Голос его становился все громче. Женщины придвинулись ближе, не скрывая любопытства.
— Отпусти меня.
— Скажи, что простишь! Скажи!
Если бы они знали, с кем ты мне изменил. Если бы знали.
Я дернула руку, пакет с продуктами выскользнул и упал на асфальт. Что-то внутри звякнуло — наверное, разбилась банка с огурцами.
Я подняла пакет. Рука дрожала. Внутри что-то осталось целым, но острый край разбитой банки царапнул ладонь. Тонкая красная полоска проступила на коже.
— Я ухожу, — пробормотала я и пошла прочь, не оборачиваясь.
Дома (я уже называла квартиру Оксаны домом) я заперлась в ванной и долго стояла над раковиной, глядя на свое отражение. Бледное лицо. Потухшие глаза. Сжатые губы.
Кто я теперь? Жена? Нет, уже нет. Сестра? Тоже нет. Что от меня осталось?
Царапина на ладони саднила. Я подставила руку под холодную воду, смотрела, как розовая струя стекает в слив.
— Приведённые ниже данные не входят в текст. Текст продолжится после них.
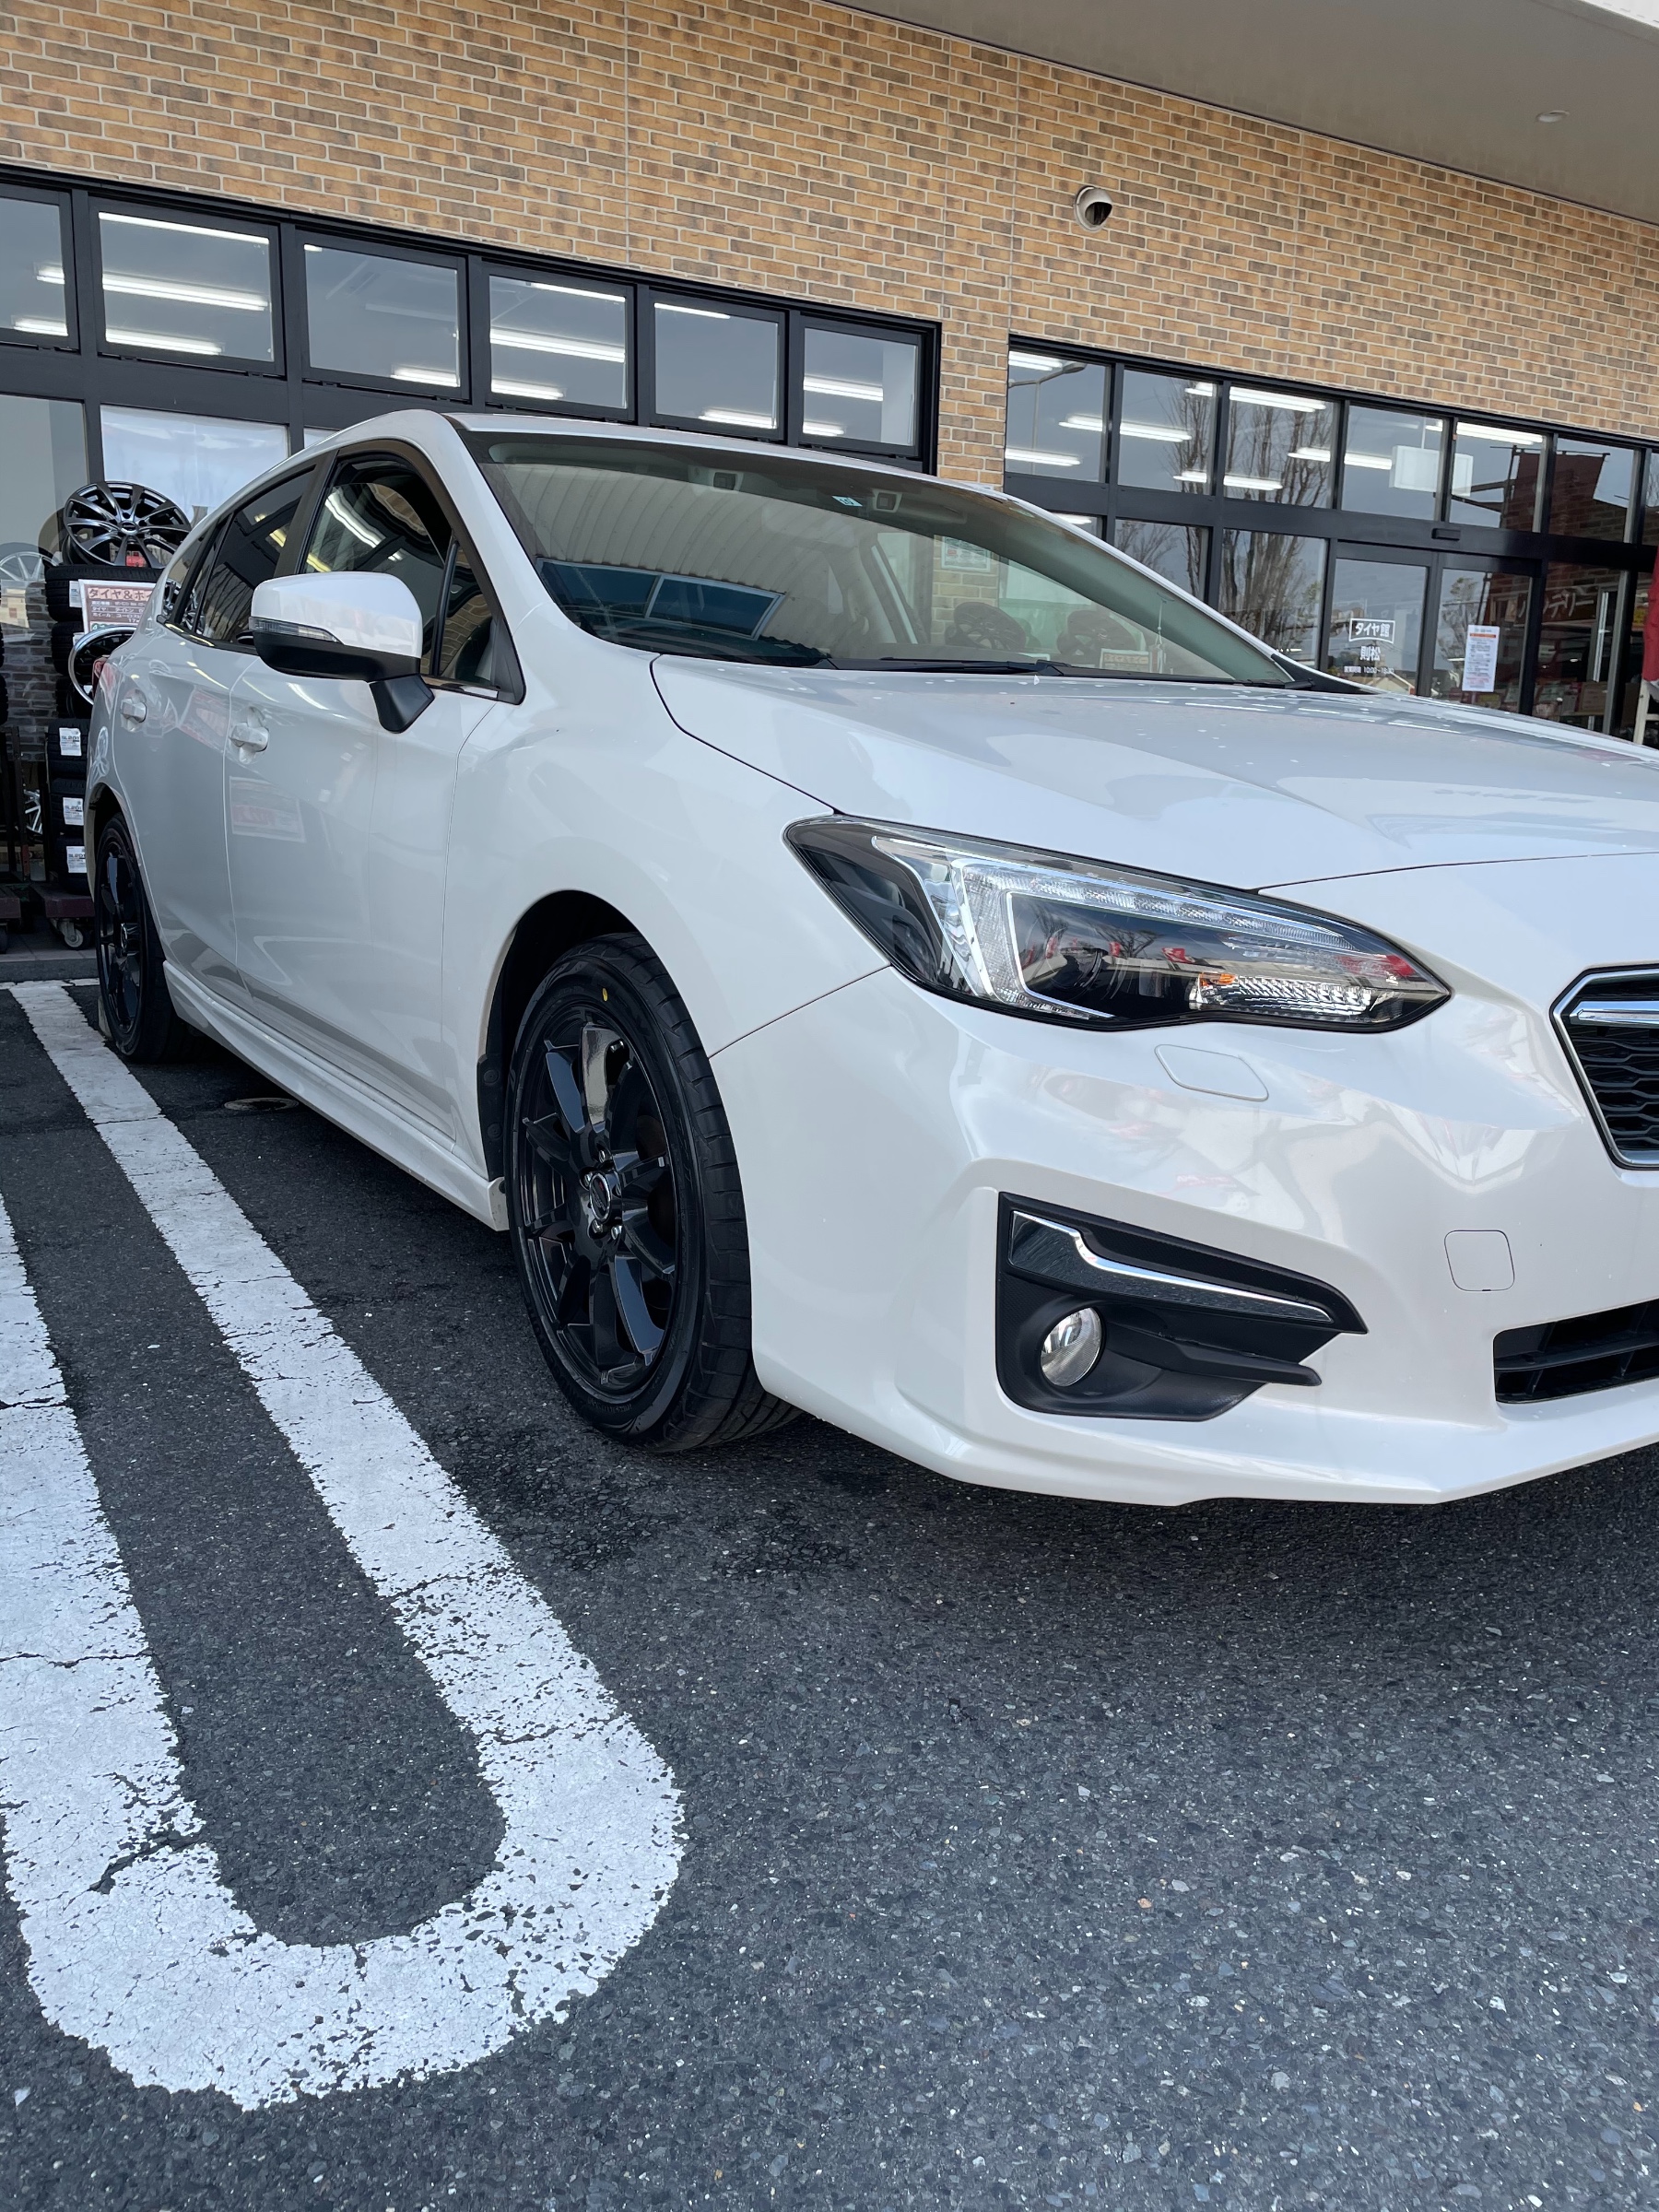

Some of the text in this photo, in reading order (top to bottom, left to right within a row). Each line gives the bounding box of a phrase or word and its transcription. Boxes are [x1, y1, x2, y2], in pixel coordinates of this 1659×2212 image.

[1355, 622, 1390, 637] タイヤ館
[1359, 645, 1381, 661] 則松
На следующий день позвонила Снежана.
— Даш, давай встретимся? Поговорим?
Я долго молчала, прежде чем ответить.
— Зачем?
— Ну как зачем? Ты моя сестра. Я переживаю за тебя.
Переживаешь. Конечно.
— Хорошо. В кафе на Садовой, в шесть.
Я пришла первой. Села у окна, заказала кофе, который не стала пить. Снежана появилась через десять минут — в новом пальто, с аккуратной укладкой, свежим маникюром. Выглядела она прекрасно. Я с трудом удержалась, чтобы не вцепиться ей в волосы.
— Привет, — она села напротив, положила телефон на стол экраном вниз. — Как ты?
— Нормально.
— Не похоже. Ты сильно похудела.
— Развод. Стресс. Бывает.
Снежана помолчала, покрутила в пальцах ложечку.
— Слушай, я знаю, что ты сейчас через многое проходишь. Но, может, не стоит рубить с плеча? Андрей же хороший мужик. Один раз ошибся — ну с кем не бывает?
Я смотрела на сестру и думала, как она может сидеть напротив меня, говорить все это и не сгорать со стыда.
— Ты серьёзно?
— Мама мне рассказала. И Андрей, кстати, тоже звонил.
Ах да. Конечно, звонил. Вы же теперь близкие друзья.
— Что он тебе сказал?
— Что сожалеет. Что готов на всё, лишь бы ты вернулась. Даша, ты же понимаешь, как редко мужики так раскаиваются?
Я сжала кулаки под столом. Ногти впились в ладонь — как раз туда, где была царапина.
— Не лезь не в своё дело.
— Как не моё? Ты моя сестра. Единственная. Я не хочу, чтобы ты совершила ошибку.
Снежана протянула руку через стол, накрыла мою. Я увидела золотой браслет на ее запястье — тот самый, который подарила ей год назад — и отдернула руку, будто обожглась.
— Что такое? — сестра нахмурилась.
— Ничего. Мне пора.
— Дашуль, подожди. Давай нормально поговорим. Ты же не можешь всё время от всех прятаться.
Я встала, схватила сумку.
— Могу. И буду.
— Даш!
Но я уже шла к выходу, с трудом сдерживая подступающую истерику. На улице вдохнула полной грудью холодный воздух, оперлась о стену кафе. Руки тряслись. В кармане куртки нащупала смятое письмо — то самое, которое написала Андрею неделю до того, как застала их. Я вытащила его, посмотрела на измятую бумагу.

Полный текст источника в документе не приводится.